Terbinafine has been used in the treatment.

===Cosmetic uses===
Black piedra is sometimes cultivated for cosmetic purposes due to social factors that favour a specific hair colour, which makes them more attractive in their society. Several Indian tribes located from Panama have been known to use several methods in order to darken the hair of albino individuals within their community. One of these methods is the cultivation of black piedra for an extensive period of time in the individuals hair. In Malaysia the nodules of black piedra are very attractive and women are encouraged to sleep with their hair buried in the soil to encourage growth of the black nodules.

==Similar taxa==
The genus Piedraia contains another species known as Piedraia quintanilhae, which is more common in chimpanzees than humans. It differs from P. hortae in terms of the ascospores do not have any attachments. Another species known as Trichosporon biegelii is commonly known to cause white piedra . White piedra is more common in temperate and semitropical climates, such as South America, Asia, Europe, Japan, and parts of the southern United States.
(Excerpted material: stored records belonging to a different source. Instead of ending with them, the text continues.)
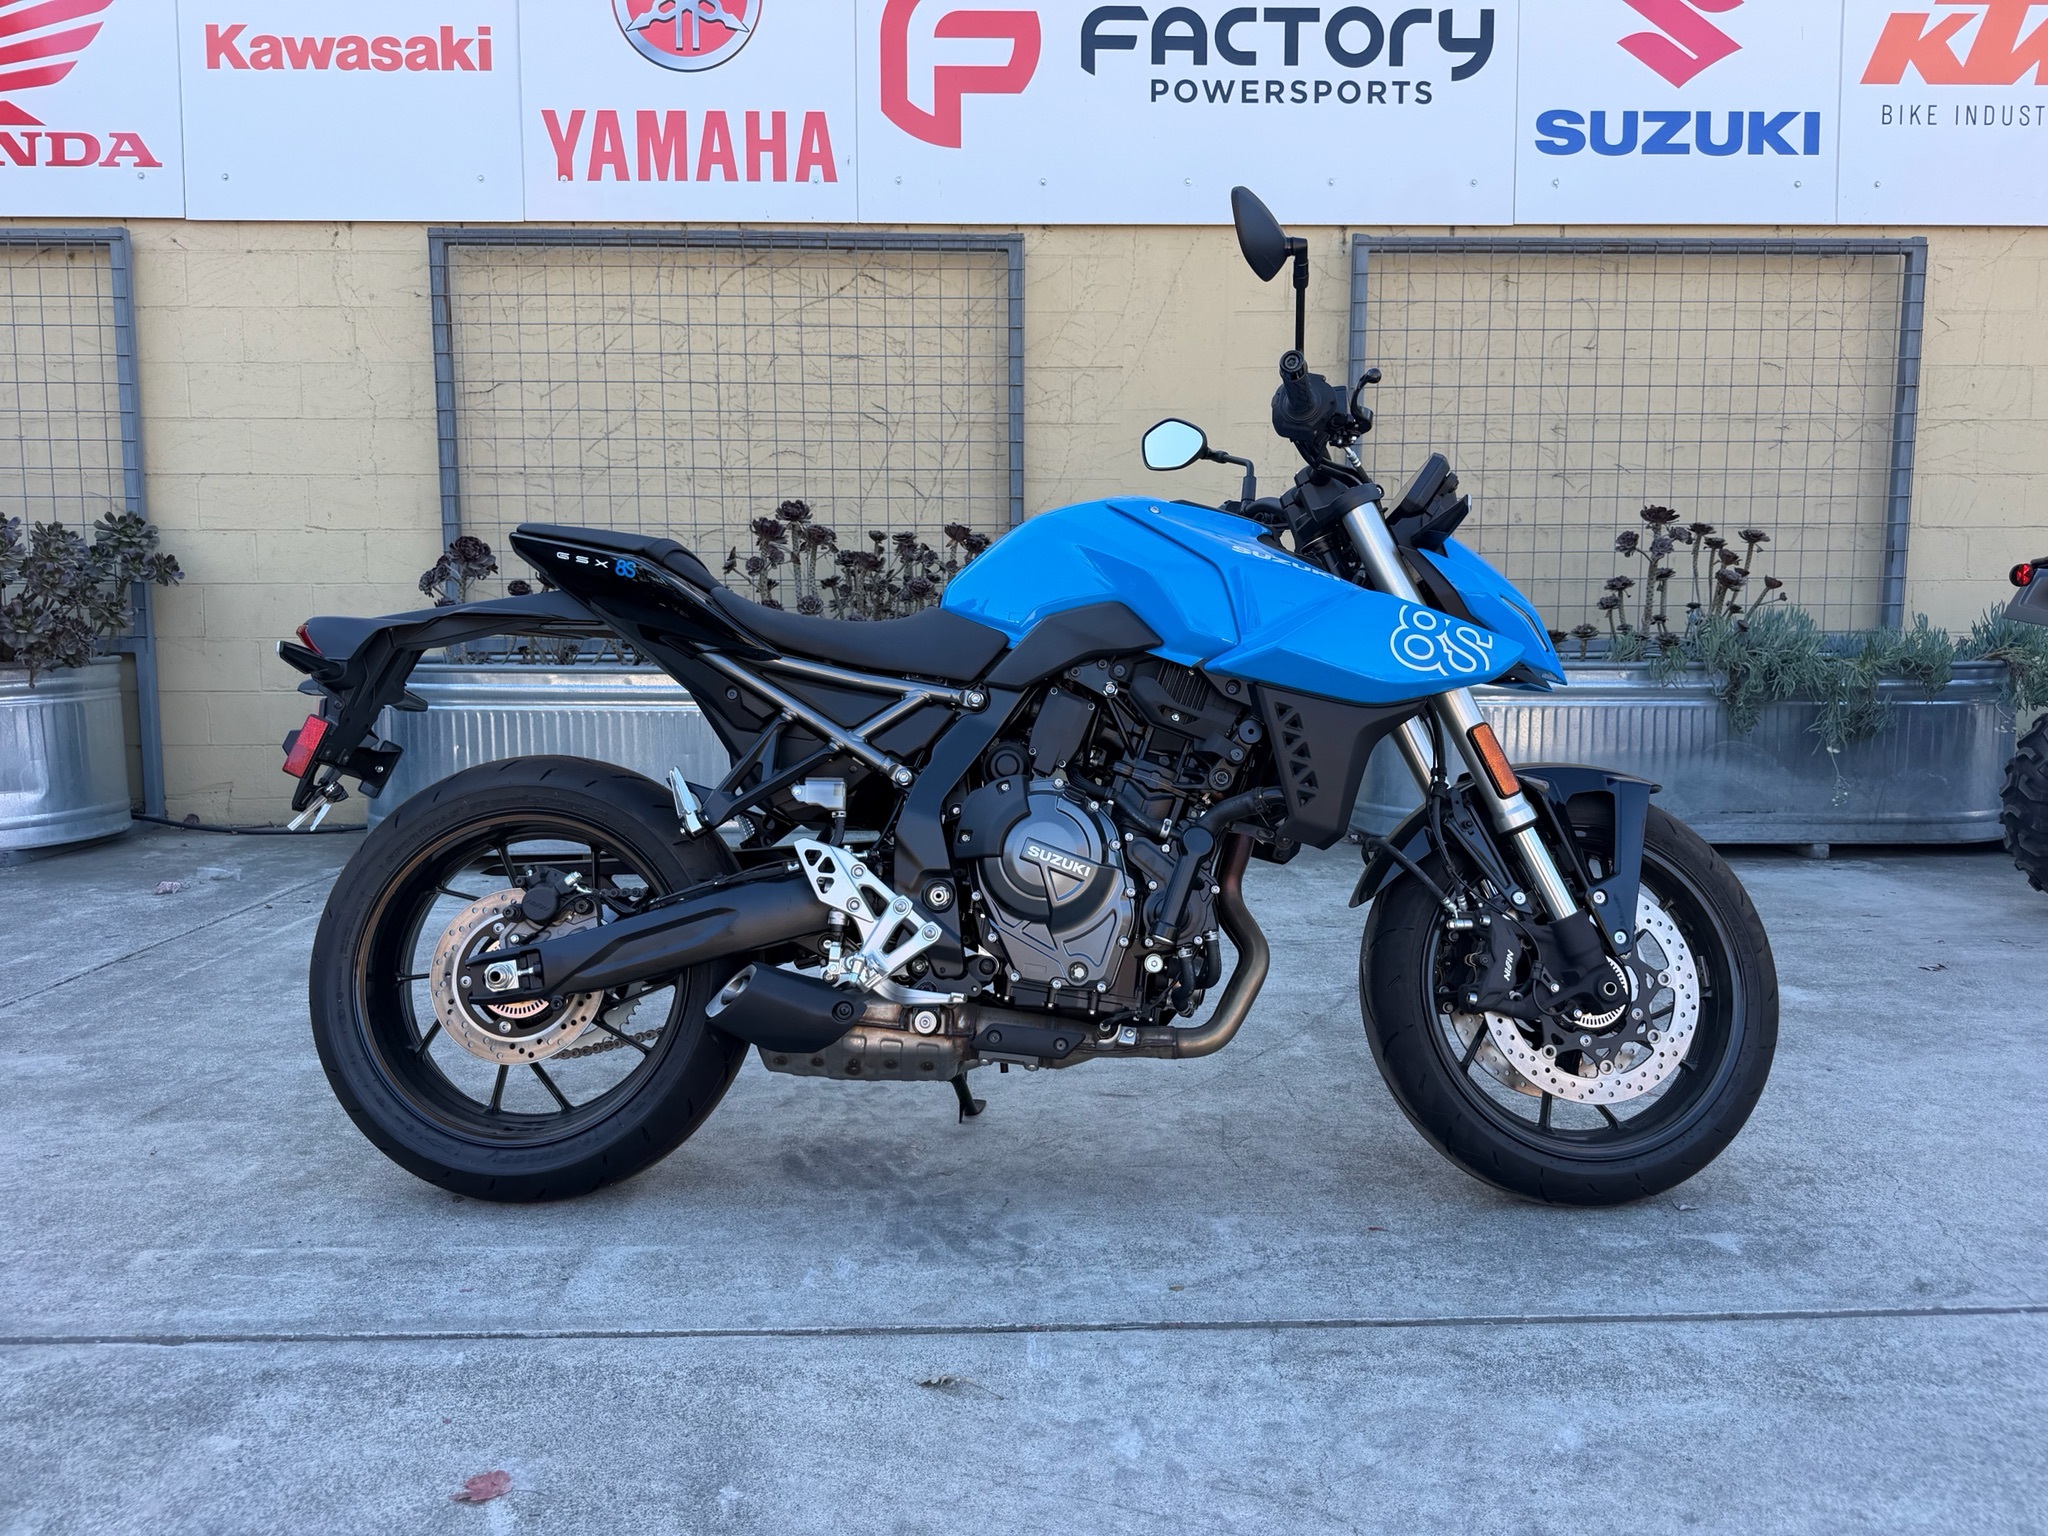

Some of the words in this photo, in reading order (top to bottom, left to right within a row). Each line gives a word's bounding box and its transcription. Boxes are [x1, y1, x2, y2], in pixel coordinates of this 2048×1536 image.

[205, 24, 491, 71] Kawasaki
[1151, 79, 1432, 105] POWERSPORTS
[1881, 105, 1938, 126] BIKE
[541, 109, 838, 182] YAMAHA
[1534, 109, 1820, 157] SUZUKI
[556, 551, 609, 569] GSX
[1027, 845, 1091, 877] SUZUKI
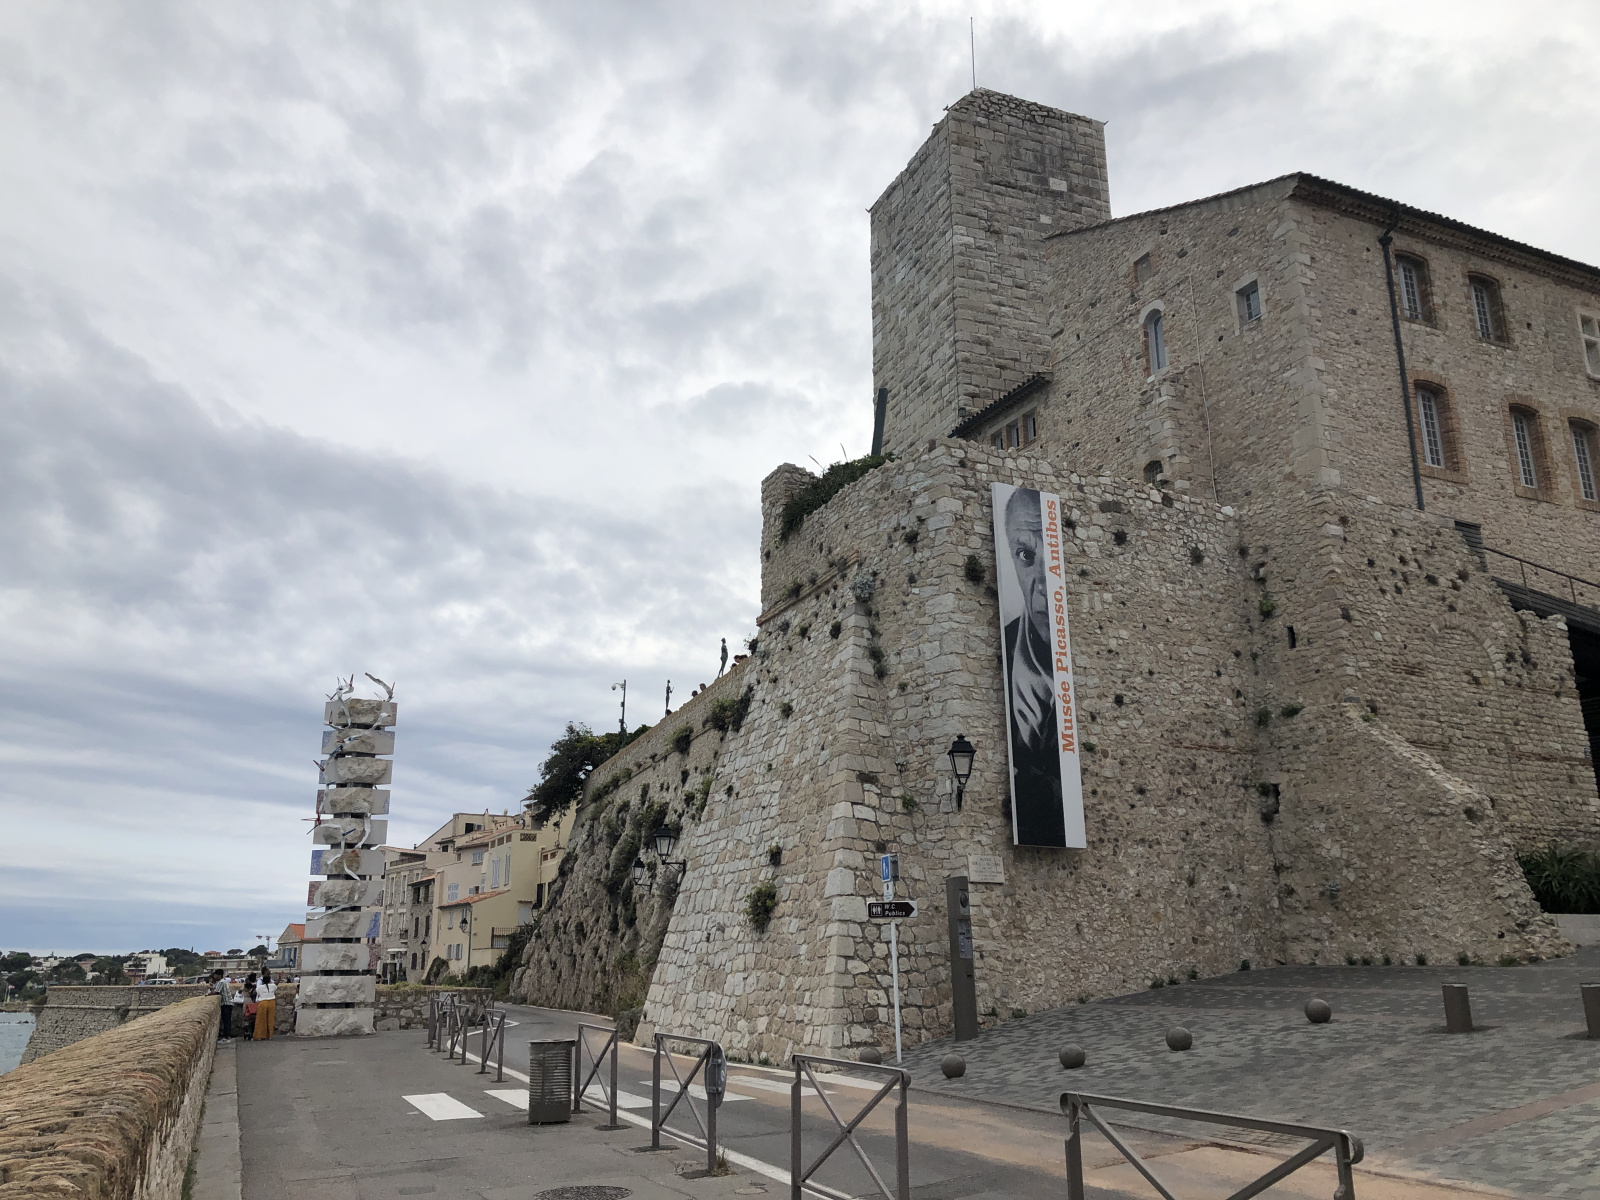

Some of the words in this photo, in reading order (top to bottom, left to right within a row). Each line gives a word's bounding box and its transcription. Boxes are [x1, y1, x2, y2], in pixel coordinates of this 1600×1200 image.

[1046, 500, 1062, 579] Antibes
[1053, 585, 1069, 674] Picasso,
[1057, 681, 1076, 754] Musée
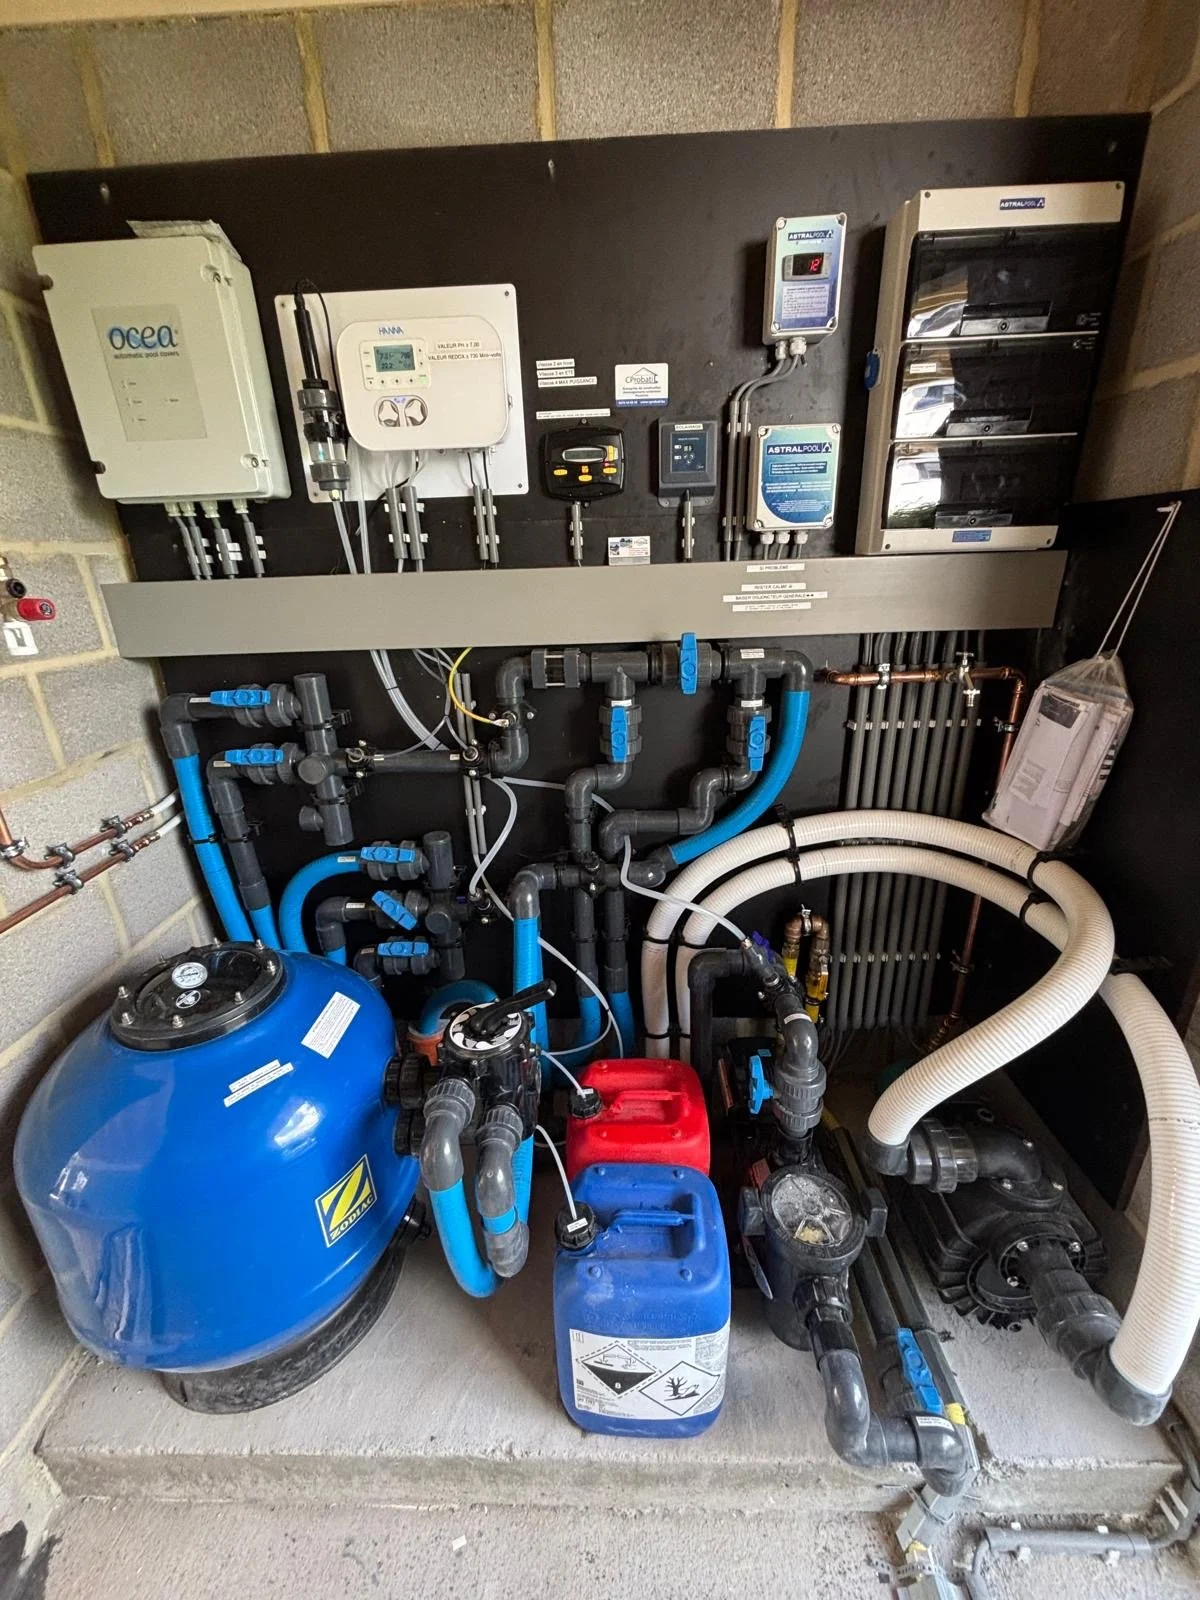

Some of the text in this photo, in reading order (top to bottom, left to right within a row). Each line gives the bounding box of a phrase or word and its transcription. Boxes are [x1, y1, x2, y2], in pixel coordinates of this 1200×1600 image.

Black piedra usually affects scalp hair, whereas white piedra is more commonly found in pubic hair, axillary hair, beards, moustaches, and eyelashes. White piedra affects horses and monkeys, in addition to humans and the nodules are white and brown in colour and can be easily detached from the hair shaft. White piedra is treated by using topical and antifungal agents, but a more effective approach is to use itraconazole therapy. Recent studies have shown that the black, lichen-colonizing fungus, Xanthoriicola physciae, is closely related to P. hortae.